К книге
Сделаны из виныСтраница 3
9%
Страница 3
3

Об Алине говорили всякое, и многое было правдой. Меня это не волновало, раздражало только то, что она постоянно ставит смены именно тогда, когда ты просишь ее о выходном. Одна из первых вещей, которую мы узнали, когда устроились сюда, — что Алина приехала из Румынии десять лет назад, а чуть позже владелец магазина Сал ушел из семьи. По словам двух ребят, сотрудников магазина, парня и девчонки лет пятнадцати, единственных американцев, таково типичное поведение шлюхи из Восточной Европы. Сал часто работает вместе с нами; она — никогда. Сегодня, правда, проявляет ко мне особенное участие.

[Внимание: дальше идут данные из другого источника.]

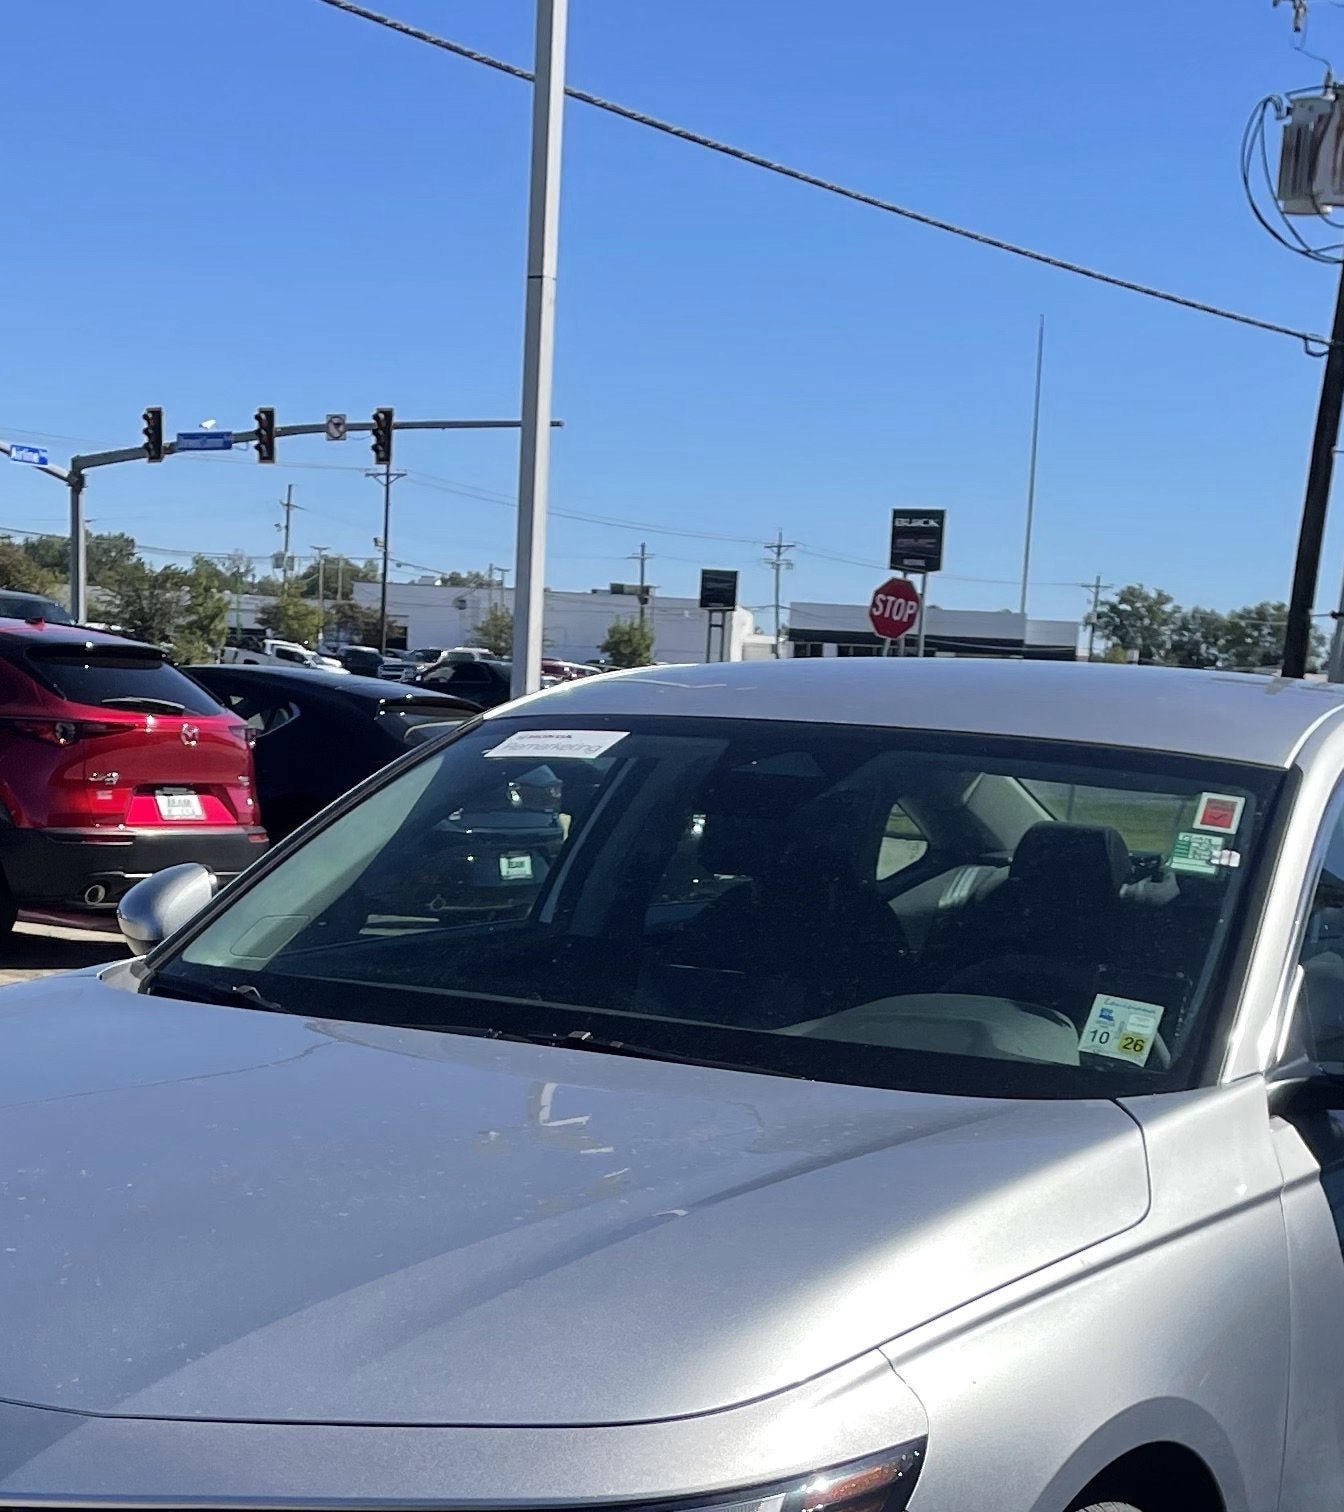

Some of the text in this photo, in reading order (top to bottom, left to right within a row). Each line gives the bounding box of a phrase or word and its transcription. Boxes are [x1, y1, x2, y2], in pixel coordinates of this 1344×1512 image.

[894, 518, 940, 527] BUICK
[871, 594, 918, 622] STOP
[1089, 1029, 1146, 1052] 10 26

Мы имитируем деятельность, пока она разговаривает с клиентом. Важно делать вид, что ты занят, даже когда работы нет: камеры следят. Я принялась наводить порядок на полках под кассой, где навалены пакеты, канцелярские резинки, коробочки и всякая всячина. Я наводила там порядок и на прошлой неделе. На следующей неделе мне придется проявить фантазию и найти новую задачу. На секунду я поднимаю голову и вижу, что Алина пристально на меня смотрит.

— Она умерла. Та девушка. Мне позвонили час назад. Не знаю, стоило ли тебе говорить, но ты все равно узнаешь.

Сначала я не понимаю, о ком она.

— Если хочешь взять выходной, не проблема. Потом отработаешь.

Я раздумываю, сказать ли ей, что это уже не выходной. Решаю притвориться благодарной.

— А что ее семья? — спрашивает Стэн. Он уже перестал драить котел и уставился на нас.

Алина пожимает плечами.

— Не знаю. Мне не сказали. Но, наверное, им позвонят. Отправят им тело. Раньше всегда так делали.

— А что с водителем? — встреваю я.

— Полицейский сказал, что она ехала без фонарей. Ничего не поделать. Даже если бы ехала по правилам, знаешь, как мало шансов у иностранца выиграть дело?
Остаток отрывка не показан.